Free-text object descriptions:
Segment Open

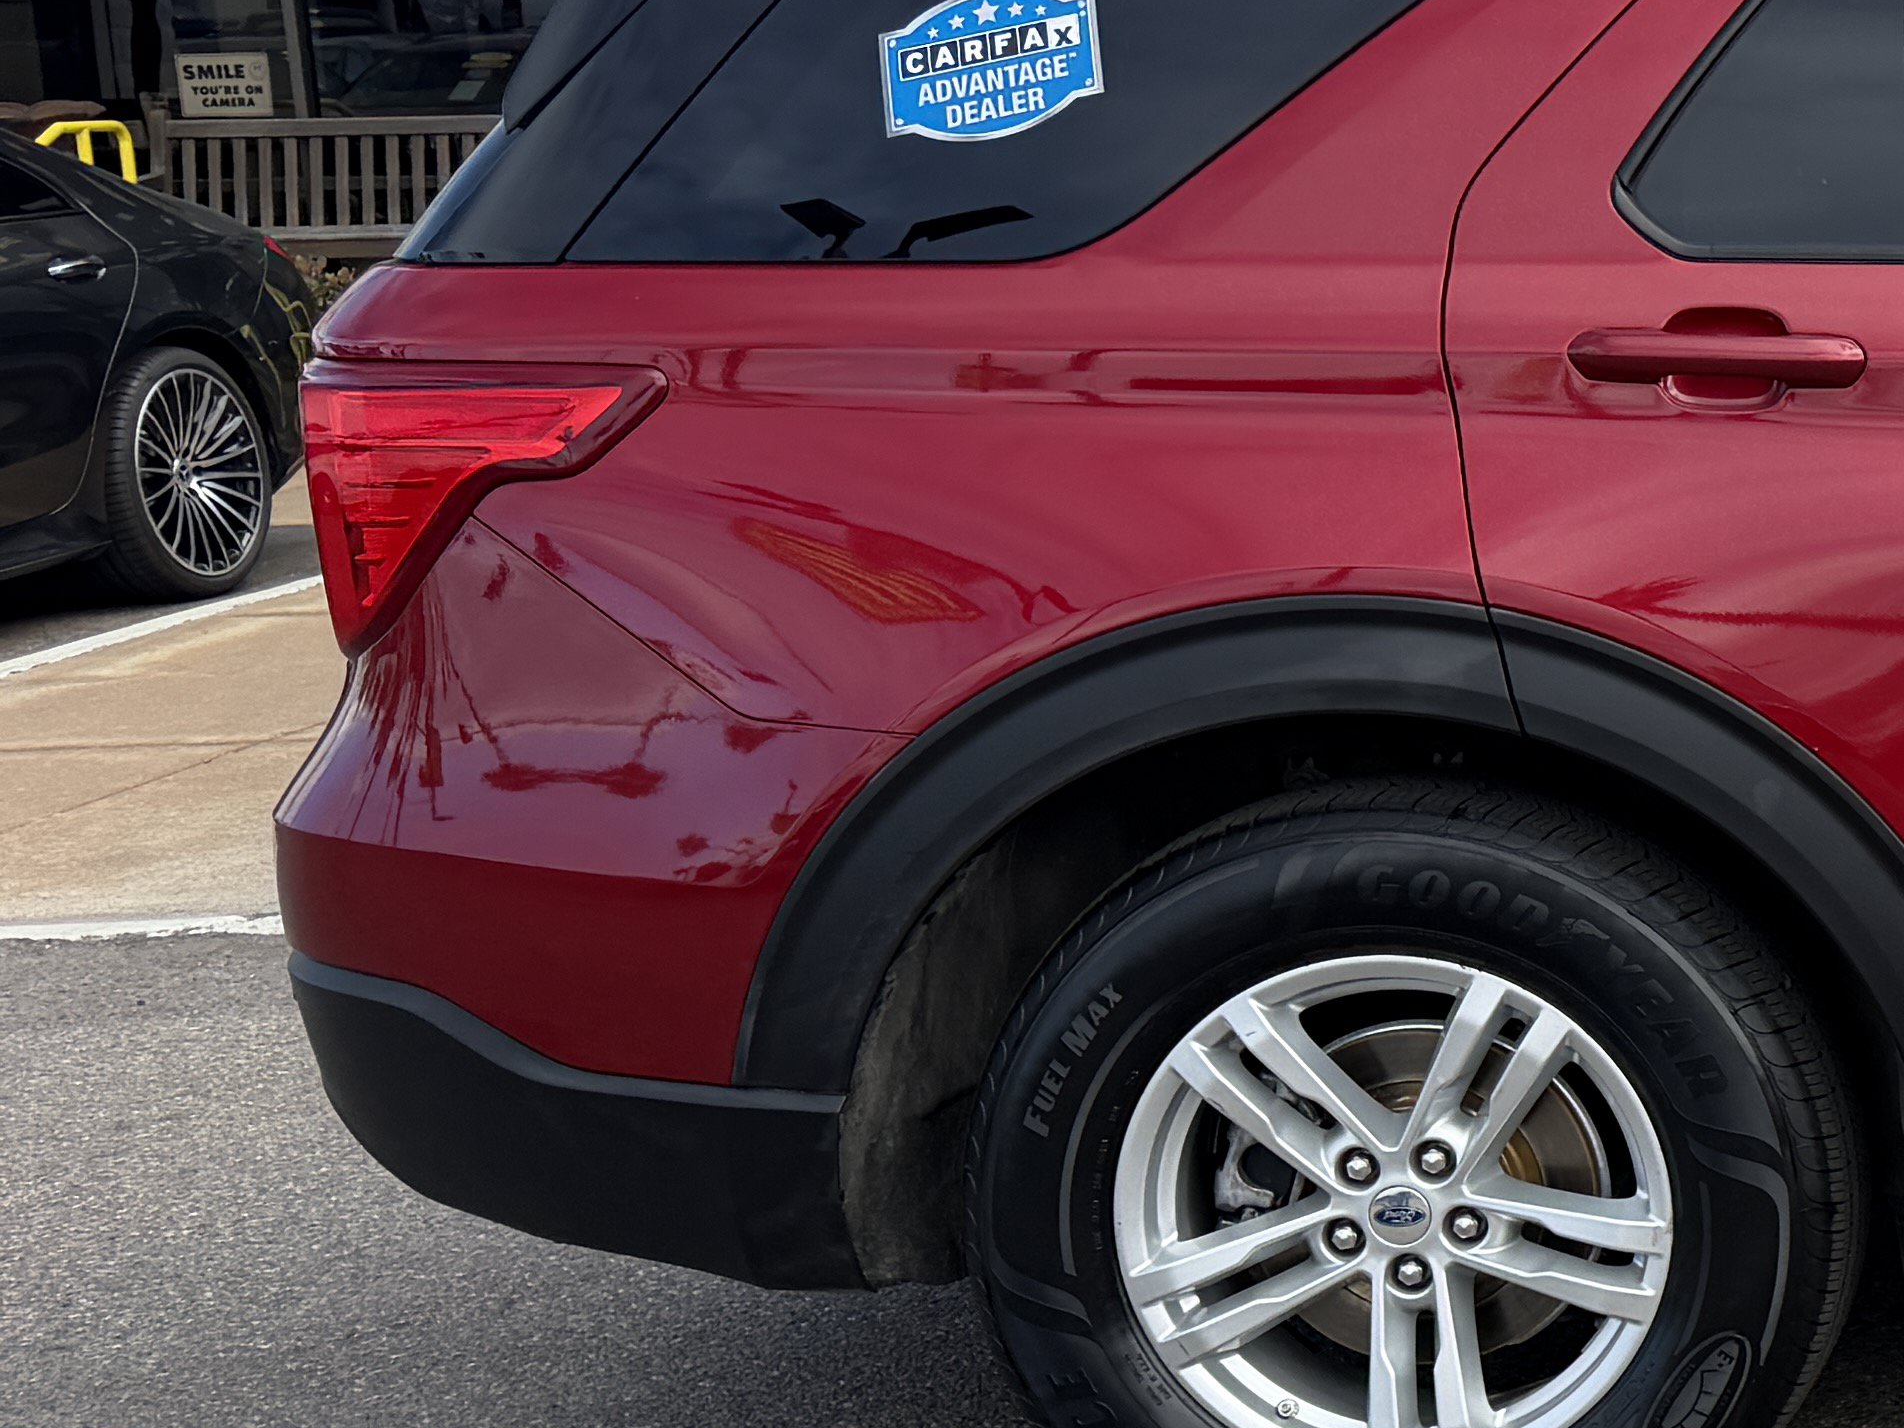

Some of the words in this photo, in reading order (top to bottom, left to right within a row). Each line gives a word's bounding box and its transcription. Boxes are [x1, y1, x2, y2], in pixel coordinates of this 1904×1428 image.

[905, 25, 1074, 74] CARFAX
[182, 64, 245, 80] SMILE
[191, 85, 240, 96] YOU'RE
[245, 85, 264, 95] ON
[202, 97, 256, 108] CAMERA
[945, 87, 1046, 129] DEALER
[1022, 1058, 1072, 1139] FUEL
[1060, 982, 1124, 1058] MAX
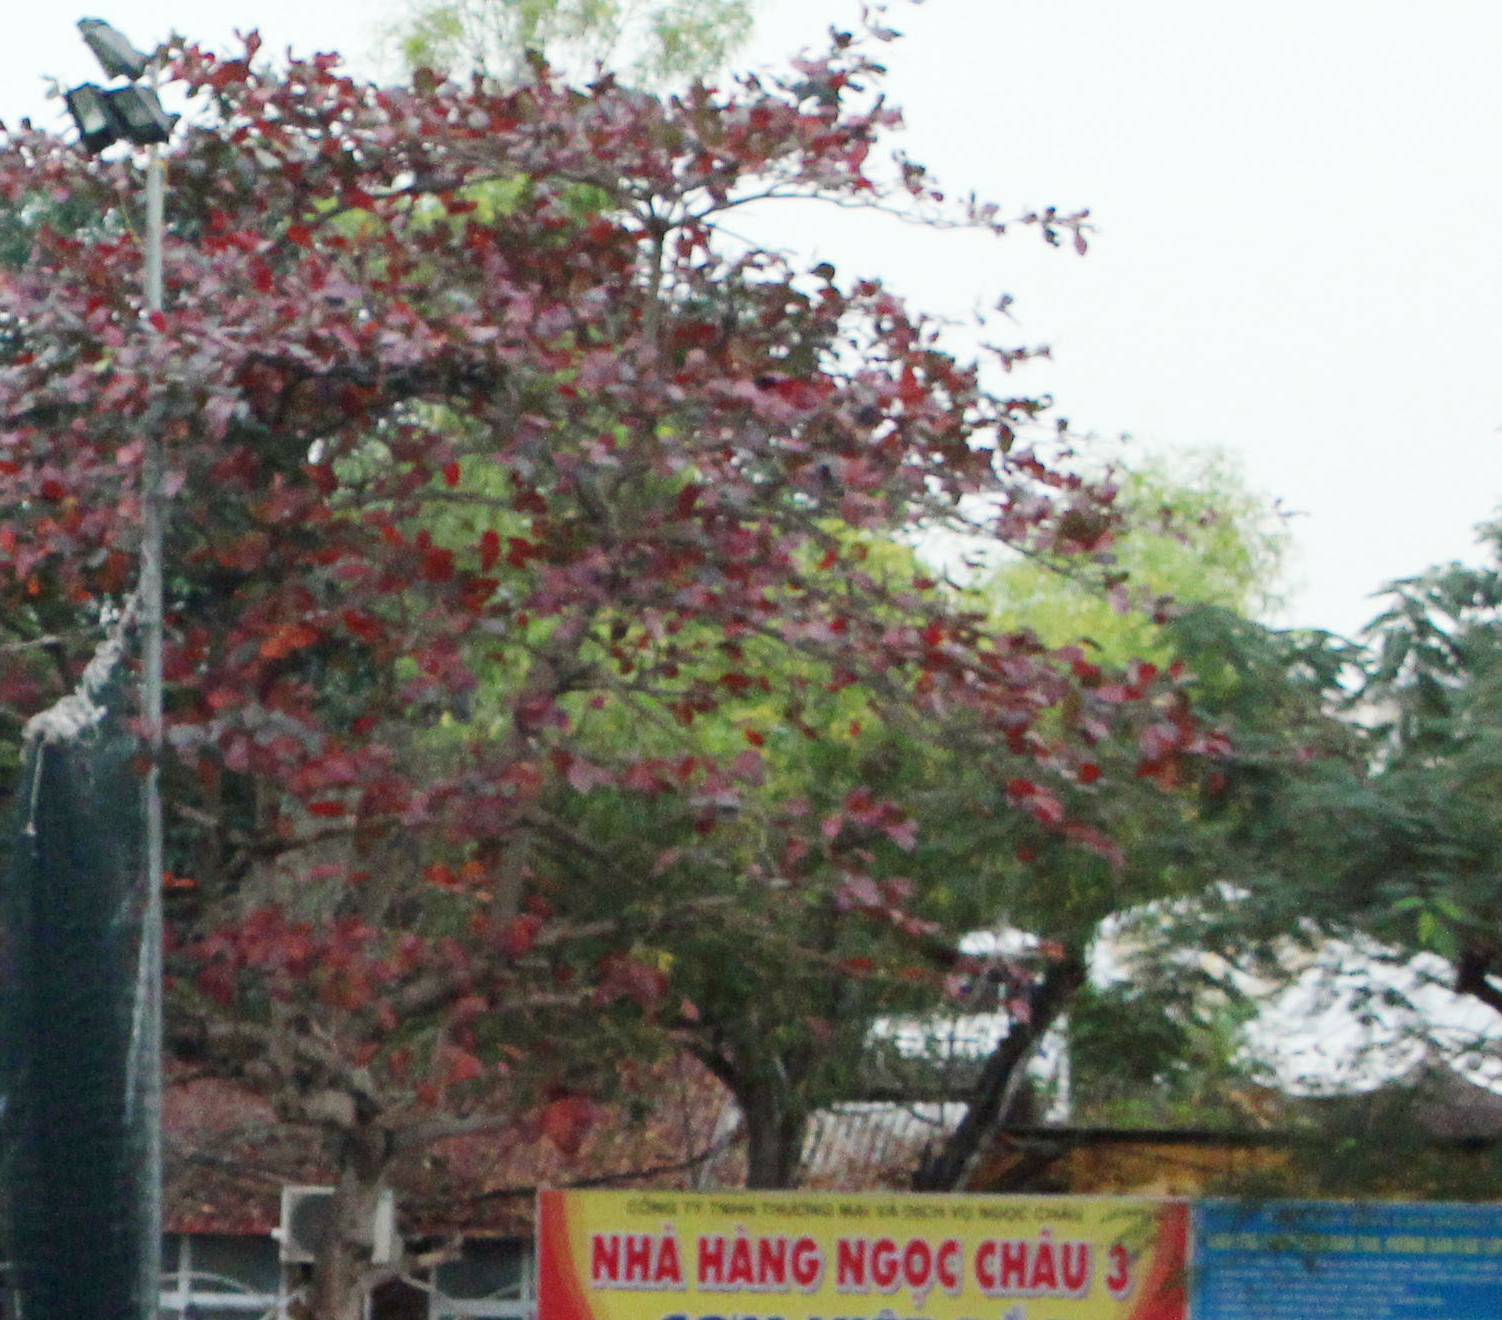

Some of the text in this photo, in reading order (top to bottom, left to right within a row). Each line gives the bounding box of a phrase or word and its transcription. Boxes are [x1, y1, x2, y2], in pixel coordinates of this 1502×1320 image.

[591, 1222, 1131, 1309] NHÀ HÀNG NGỌC CHÂU 3
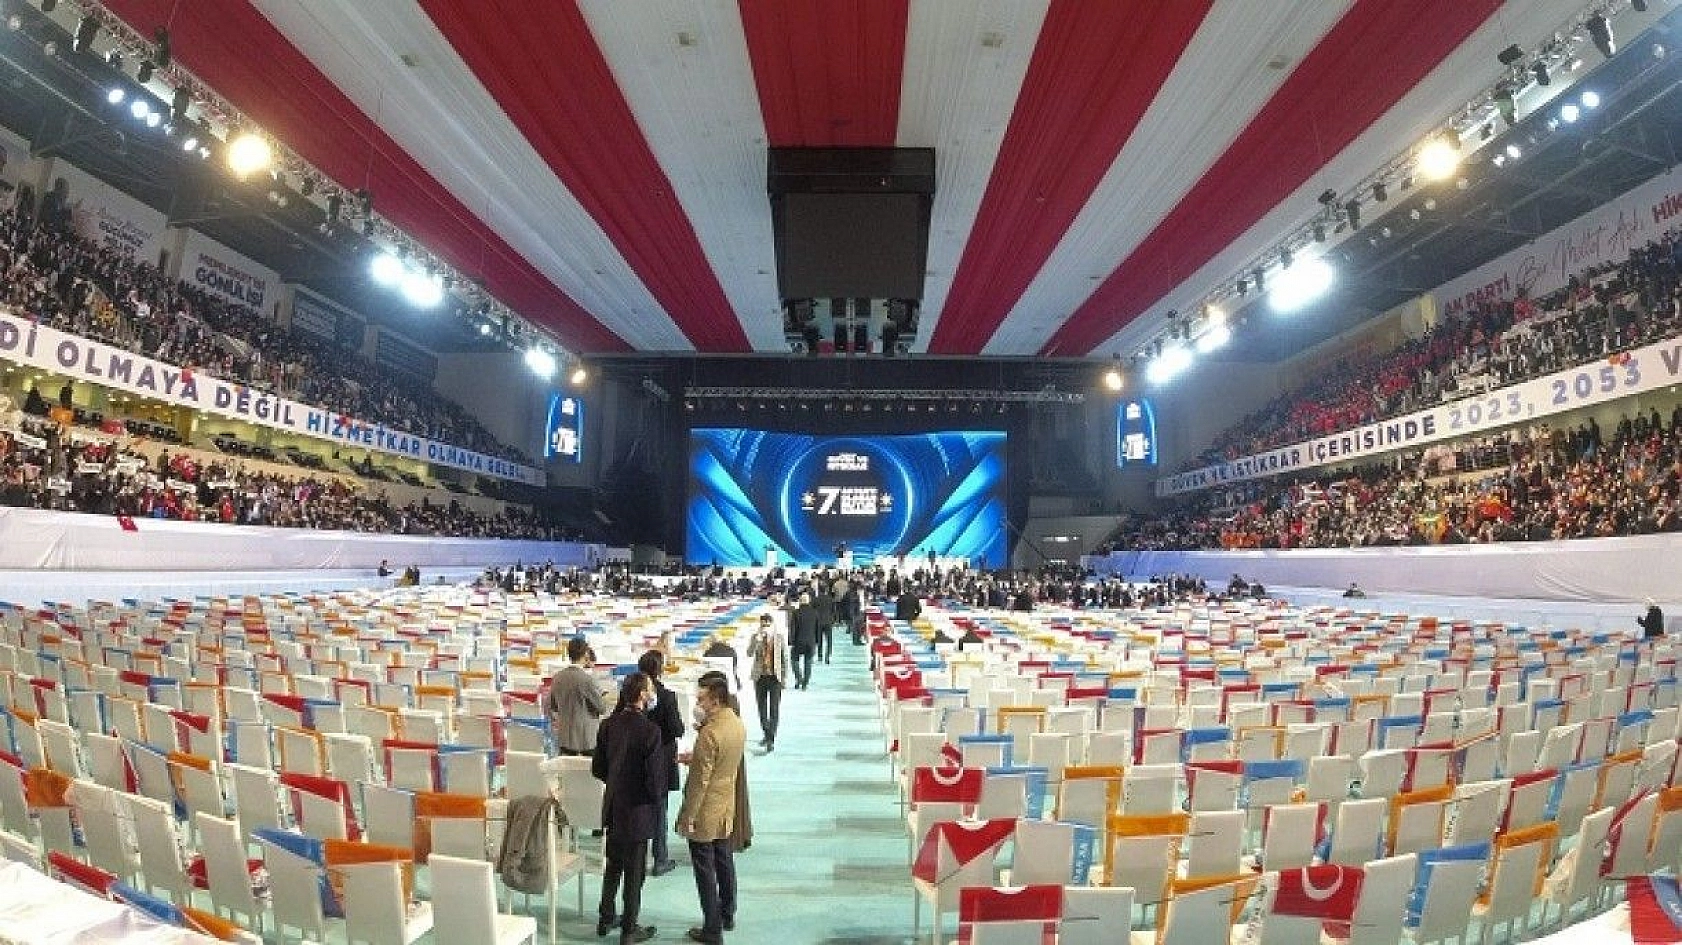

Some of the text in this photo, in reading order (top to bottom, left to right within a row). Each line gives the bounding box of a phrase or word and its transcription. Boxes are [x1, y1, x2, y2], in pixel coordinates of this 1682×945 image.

[57, 340, 198, 402] OLMAYA
[215, 385, 296, 426] DEĞİL
[428, 443, 483, 472] OLMAYA
[1308, 413, 1437, 463] İÇERİSİNDE
[1449, 390, 1535, 430] 2023,
[1551, 358, 1642, 406] 2053

Segment Closed

> [WHAT THIS TASK INVOLVES] Once the pictures are removed, repeat all of the data above exactly.

> [EXERCISE SOLUTION]
Some of the words in this photo, in reading order (top to bottom, left to right within a row). Each line gives a word's bounding box and its transcription. Boxes are [x1, y1, x2, y2], in pixel coordinates of this 1904×1428 image.

[905, 25, 1074, 74] CARFAX
[182, 64, 245, 80] SMILE
[191, 85, 240, 96] YOU'RE
[245, 85, 264, 95] ON
[202, 97, 256, 108] CAMERA
[945, 87, 1046, 129] DEALER
[1022, 1058, 1072, 1139] FUEL
[1060, 982, 1124, 1058] MAX

Some of the text in this photo, in reading order (top to bottom, left to right within a row). Each line gives the bounding box of a phrase or word and its transcription. Boxes are [x1, y1, x2, y2], in pixel coordinates of this 1502×1320 image.

[591, 1222, 1131, 1309] NHÀ HÀNG NGỌC CHÂU 3

Some of the text in this photo, in reading order (top to bottom, left to right within a row). Each line gives the bounding box of a phrase or word and its transcription. Boxes are [x1, y1, x2, y2], in pixel coordinates of this 1682×945 image.

[57, 340, 198, 402] OLMAYA
[215, 385, 296, 426] DEĞİL
[428, 443, 483, 472] OLMAYA
[1308, 413, 1437, 463] İÇERİSİNDE
[1449, 390, 1535, 430] 2023,
[1551, 358, 1642, 406] 2053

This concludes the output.